As the film moves towards its climax, it is difficult to gauge the tone. It clearly starts out satirising the imagination-defeating banality of nerd-conventions - the fans dressed as aliens unable to tell the difference between a tacky show and reality, or who have willed it into a reality, are mirrored by the aliens who mistake the show for historical documents, and despite their scientific brilliance (like their human counterparts) are dubiously figured as mentally retarded, with their stupid laughs and jerky movements.

If we have gotten reckless or intellectually threadbare enough to call 'Being John Malkovich' Borgesian, than the same epithet can more validly be applied to 'Galaxy Quest', where a whole series of times, realities and representations, initially separate, conflate, leading to the bizarre finale, as the space heroes return to another Convention, this time genuine adventurers - the difference between actors and roles; actors and their roles of 20 years ago; actors who must play, and indeed become their roles of 20 years ago; fans who create an actual reality from a non-existent fantasy; fans from the real world who become indispensible figures in the fantasy which is now a real world (phew!).

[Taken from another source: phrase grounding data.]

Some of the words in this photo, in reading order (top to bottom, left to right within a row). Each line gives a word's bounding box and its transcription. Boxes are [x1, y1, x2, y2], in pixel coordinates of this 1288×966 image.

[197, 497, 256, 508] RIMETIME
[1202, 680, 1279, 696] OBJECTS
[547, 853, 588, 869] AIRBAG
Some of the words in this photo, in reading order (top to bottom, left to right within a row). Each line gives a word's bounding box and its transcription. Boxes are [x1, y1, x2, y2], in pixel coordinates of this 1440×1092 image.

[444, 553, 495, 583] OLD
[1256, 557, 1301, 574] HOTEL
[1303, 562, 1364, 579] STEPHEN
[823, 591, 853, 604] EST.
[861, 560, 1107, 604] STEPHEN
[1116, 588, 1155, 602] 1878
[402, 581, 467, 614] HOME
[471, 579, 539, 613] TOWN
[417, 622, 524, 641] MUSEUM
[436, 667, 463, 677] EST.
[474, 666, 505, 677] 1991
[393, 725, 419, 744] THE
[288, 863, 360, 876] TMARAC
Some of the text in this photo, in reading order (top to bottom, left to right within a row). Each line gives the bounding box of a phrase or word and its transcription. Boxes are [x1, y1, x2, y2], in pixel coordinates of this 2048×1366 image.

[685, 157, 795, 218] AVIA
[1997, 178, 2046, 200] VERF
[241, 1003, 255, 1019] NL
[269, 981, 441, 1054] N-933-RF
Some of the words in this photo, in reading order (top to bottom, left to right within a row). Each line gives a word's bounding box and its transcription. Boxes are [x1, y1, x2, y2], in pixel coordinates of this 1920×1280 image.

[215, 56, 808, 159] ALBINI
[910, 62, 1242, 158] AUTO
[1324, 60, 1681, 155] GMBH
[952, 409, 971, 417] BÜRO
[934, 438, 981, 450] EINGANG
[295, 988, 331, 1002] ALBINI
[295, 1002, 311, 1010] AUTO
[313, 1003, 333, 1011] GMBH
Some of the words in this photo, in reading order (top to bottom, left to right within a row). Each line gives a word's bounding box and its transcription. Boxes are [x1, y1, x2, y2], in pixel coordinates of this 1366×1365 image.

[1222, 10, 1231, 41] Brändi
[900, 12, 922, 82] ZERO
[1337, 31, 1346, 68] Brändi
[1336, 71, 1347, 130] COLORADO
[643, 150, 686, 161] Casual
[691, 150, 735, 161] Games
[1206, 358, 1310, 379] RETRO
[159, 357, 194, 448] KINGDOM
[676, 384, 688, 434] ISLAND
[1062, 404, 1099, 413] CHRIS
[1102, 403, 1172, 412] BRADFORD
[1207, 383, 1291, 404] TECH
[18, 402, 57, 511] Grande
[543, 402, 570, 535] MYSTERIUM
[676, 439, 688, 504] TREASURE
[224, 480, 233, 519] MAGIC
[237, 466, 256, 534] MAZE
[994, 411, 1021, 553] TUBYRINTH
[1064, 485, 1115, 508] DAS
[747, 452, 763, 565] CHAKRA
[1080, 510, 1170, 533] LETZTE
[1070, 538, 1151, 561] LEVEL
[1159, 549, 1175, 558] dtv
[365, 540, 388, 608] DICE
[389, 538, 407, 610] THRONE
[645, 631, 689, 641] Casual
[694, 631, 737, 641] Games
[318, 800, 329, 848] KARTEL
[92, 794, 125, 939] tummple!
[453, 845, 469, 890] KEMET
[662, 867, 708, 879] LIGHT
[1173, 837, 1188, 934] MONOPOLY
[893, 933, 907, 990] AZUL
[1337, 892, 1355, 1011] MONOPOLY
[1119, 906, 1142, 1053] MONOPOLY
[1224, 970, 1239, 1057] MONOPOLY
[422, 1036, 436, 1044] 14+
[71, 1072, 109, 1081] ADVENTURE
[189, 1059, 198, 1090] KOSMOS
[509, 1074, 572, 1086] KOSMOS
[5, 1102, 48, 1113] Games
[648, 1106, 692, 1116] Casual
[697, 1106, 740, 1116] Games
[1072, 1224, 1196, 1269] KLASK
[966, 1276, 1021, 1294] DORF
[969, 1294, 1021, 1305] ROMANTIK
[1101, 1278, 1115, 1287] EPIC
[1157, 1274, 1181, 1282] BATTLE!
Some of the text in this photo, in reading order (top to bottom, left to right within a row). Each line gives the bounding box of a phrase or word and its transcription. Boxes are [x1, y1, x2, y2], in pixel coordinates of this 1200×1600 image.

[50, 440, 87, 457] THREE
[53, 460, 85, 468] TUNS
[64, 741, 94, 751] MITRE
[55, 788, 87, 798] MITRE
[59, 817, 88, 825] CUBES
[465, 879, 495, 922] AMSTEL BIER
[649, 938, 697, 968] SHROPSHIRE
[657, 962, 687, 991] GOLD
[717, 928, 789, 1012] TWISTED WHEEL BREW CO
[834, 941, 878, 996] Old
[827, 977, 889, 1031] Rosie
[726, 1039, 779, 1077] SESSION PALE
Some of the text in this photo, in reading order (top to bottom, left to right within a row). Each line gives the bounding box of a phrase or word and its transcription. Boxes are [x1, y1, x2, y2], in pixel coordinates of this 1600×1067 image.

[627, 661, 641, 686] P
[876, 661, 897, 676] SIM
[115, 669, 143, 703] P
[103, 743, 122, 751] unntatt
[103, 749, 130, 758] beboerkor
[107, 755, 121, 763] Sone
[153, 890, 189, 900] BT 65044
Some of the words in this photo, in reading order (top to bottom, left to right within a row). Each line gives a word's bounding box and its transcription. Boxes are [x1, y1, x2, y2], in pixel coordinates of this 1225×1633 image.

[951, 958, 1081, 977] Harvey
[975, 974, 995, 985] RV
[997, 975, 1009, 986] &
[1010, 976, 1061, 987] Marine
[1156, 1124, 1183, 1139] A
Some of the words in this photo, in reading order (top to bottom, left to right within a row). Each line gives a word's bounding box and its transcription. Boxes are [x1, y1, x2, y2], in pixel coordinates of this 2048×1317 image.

The end is quite mind-boggling, where it is impossible to untangle the boundaries of reality and fantasy. So what began as satire of a phenomenon synonymous with being a loser, and almost fascist (the military parade that first greets the actors in the Star port), becomes a celebration, not really of losers redeeming themselves, but of the place of fantasy in everyday life, and its power to transform it. I don't mean politically restructure society; just the old post-modern ideas of reproduction and illusion. After all, we live in a 'real world' where a non-existent, fantasy language, Klingon, can now be studied at universities, as a 'real world' mode of communication. The real world has no place for heroes and goodness, but we can still pretend these things exist.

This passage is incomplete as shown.